Grantham warns that the liquidation is only halfway there

  • Stocks plunged into a bear market on Friday, falling 20% ​​from recent highs during the session.
  • According to Jeremy Grantham, the market has a lot more to go down.
  • He said stocks are in a “real McCoy” bubble.

On January 20, investment legend Jeremy Grantham published an essay with the ominous headline “Let The Wild Rumpus Begin.”

The bullish frenzy was about to turn bearish, he warned.

At the time, the S&P 500 was down just 6% from its recent highs, following a more than 100% rise in the index in less than two years, and the market was still getting used to the idea that a significantly tighter monetary policy. go ahead.

For example, around the same time, Savita Subramanian, head of Equity and Quantitative Strategy at Bank of America, delivered what was then considered a rather shocking prediction that the Fed would institute around seven 25 basis point rate hikes. That opinion is now a consensus.

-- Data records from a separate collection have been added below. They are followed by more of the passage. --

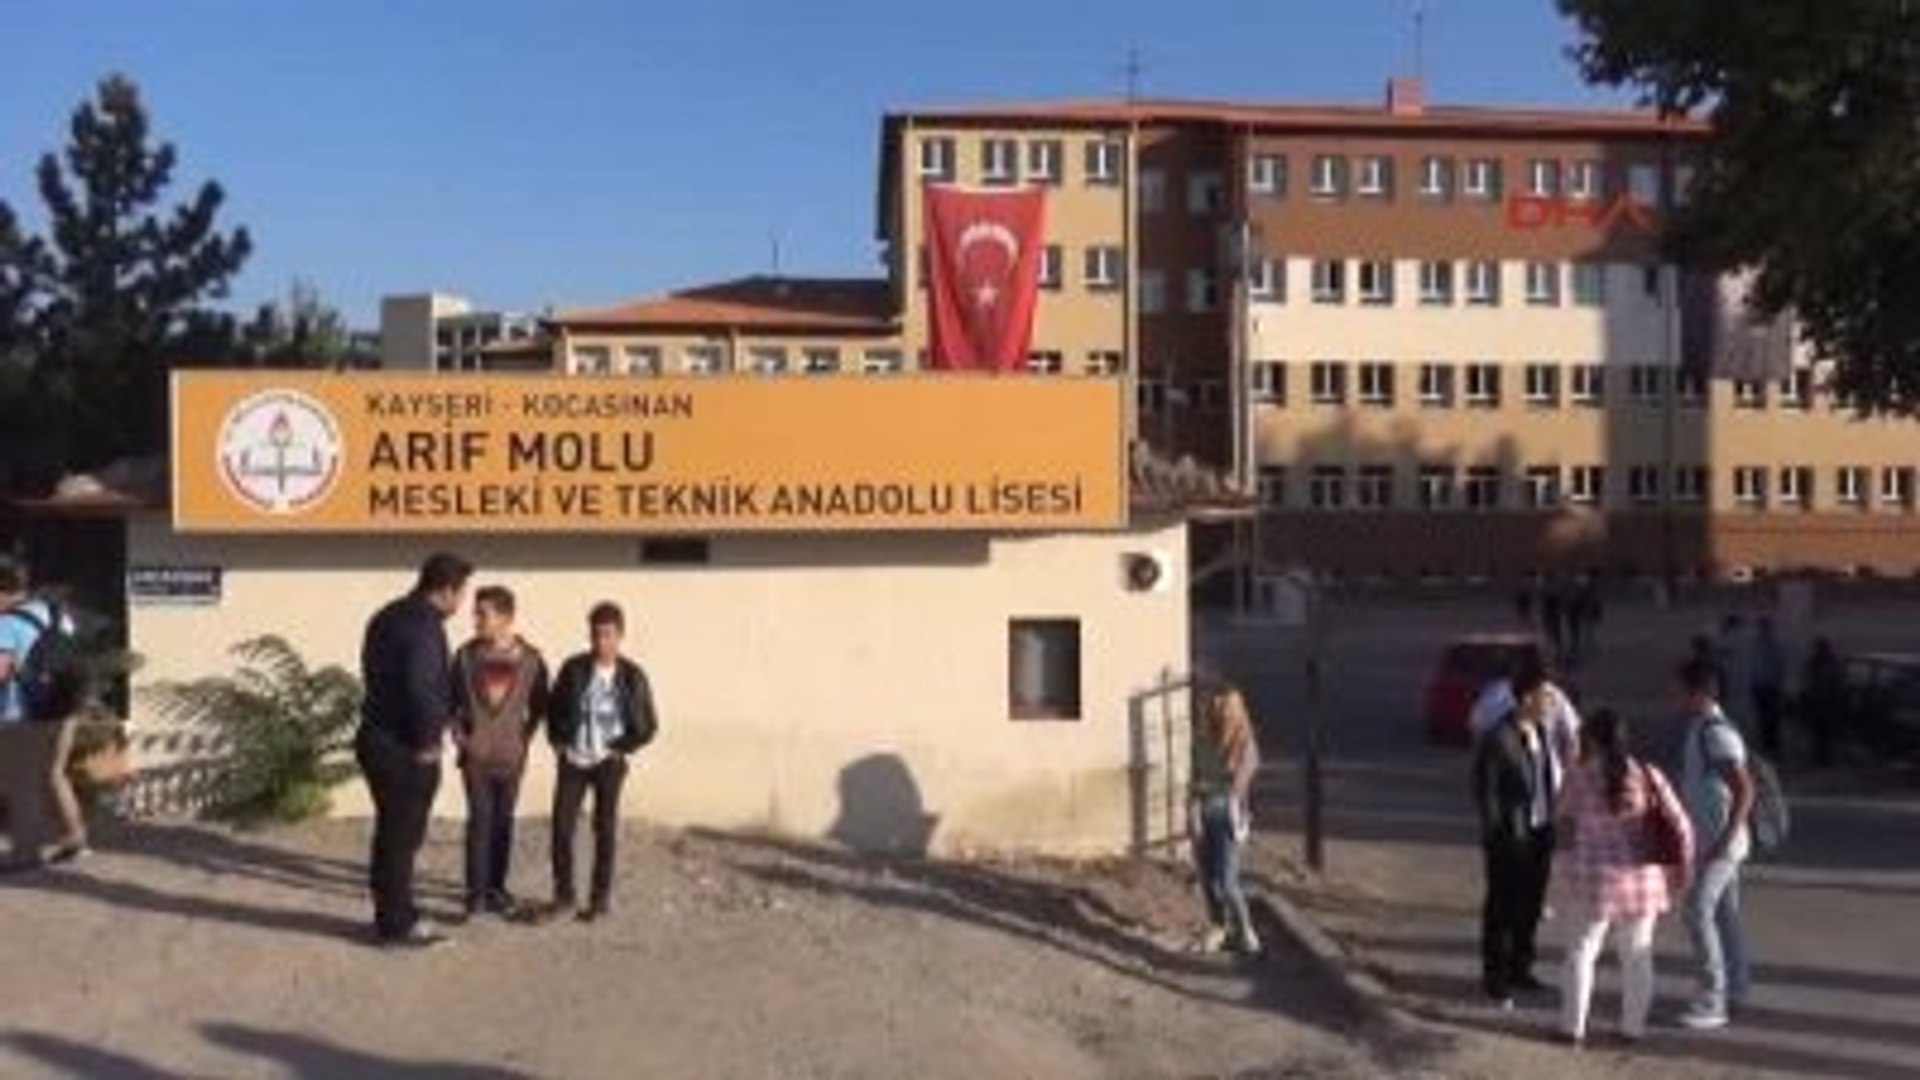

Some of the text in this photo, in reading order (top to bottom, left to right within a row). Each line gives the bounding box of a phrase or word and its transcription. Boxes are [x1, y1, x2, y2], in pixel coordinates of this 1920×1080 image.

[366, 387, 491, 417] KAYSERİ
[368, 420, 654, 472] ARİF MOLU
[368, 477, 542, 516] MESLEKİ
[552, 484, 601, 515] VE
[615, 475, 759, 516] TEKNİK
[769, 483, 953, 515] ANADOLU
[968, 474, 1082, 514] LİSESİ

Since January 20, the S&P 500 has fallen another 14%, officially plunging into

bear market

territory, 20% below its highs, on Friday.

Grantham, the founder of asset management firm GMO, has said in recent days that the sell-off is not over yet.

In an interview with Ray Dalio, the founder of Bridgewater Associates, recorded on May 9 and published on May 19, Grantham compared the current environment to past bubbles and warned of similar consequences.

“This is the real McCoy,” said Grantham, who called the dotcom bust and crash of 2008. “It seems to be happening pretty close to 2000.”

Grantham listed the qualities he uses to define bubbles: “almost hysterical behaviour, really weird over-optimism”; rapid price appreciation; and blue chip stocks rise while “risky” stocks fall. He said this was evident in the S&P 500 rising 25% more than the Russell 2000, a small-cap index. He also pointed to the over-optimism that was evident in the movement of meme stocks, bitcoin and hedge funds like Cathie Woods’ ARKK, which have suffered considerable losses since their peaks.

Now it is the turn of the S&P 500.

“I think the declines will be very substantial,” he said.

On CNBC on Thursday, Grantham was more specific, saying the sell-off was only halfway over, meaning he thinks a 40% drop for the index is expected before all is said and done. If that scenario materializes, the S&P 500 would fall to 2,875. It closed near 3,869 on Friday.

He also said a 1970s-style stagflation environment is likely and the United States will enter a recession shortly.

Grantham’s views in context

Grantham’s views for the coming months are among some of the most dovish on Wall Street.

The most bearish strategist

major banks

Morgan Stanley’s Mike Wilson has an S&P 500 price target of 3,900 for the next 12 months.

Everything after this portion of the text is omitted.